• [Exercise] Give every entry again, word for word and in full.

(Available data Opens)

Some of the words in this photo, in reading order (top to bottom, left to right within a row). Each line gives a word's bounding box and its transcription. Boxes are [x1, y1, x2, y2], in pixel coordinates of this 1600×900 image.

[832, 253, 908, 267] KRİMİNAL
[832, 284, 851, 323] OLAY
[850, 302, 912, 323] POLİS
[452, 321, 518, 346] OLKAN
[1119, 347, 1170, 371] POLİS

(Available data Closes)

• [Your solution]
Some of the words in this photo, in reading order (top to bottom, left to right within a row). Each line gives a word's bounding box and its transcription. Boxes are [x1, y1, x2, y2], in pixel coordinates of this 1600×900 image.

[832, 253, 908, 267] KRİMİNAL
[832, 284, 851, 323] OLAY
[850, 302, 912, 323] POLİS
[452, 321, 518, 346] OLKAN
[1119, 347, 1170, 371] POLİS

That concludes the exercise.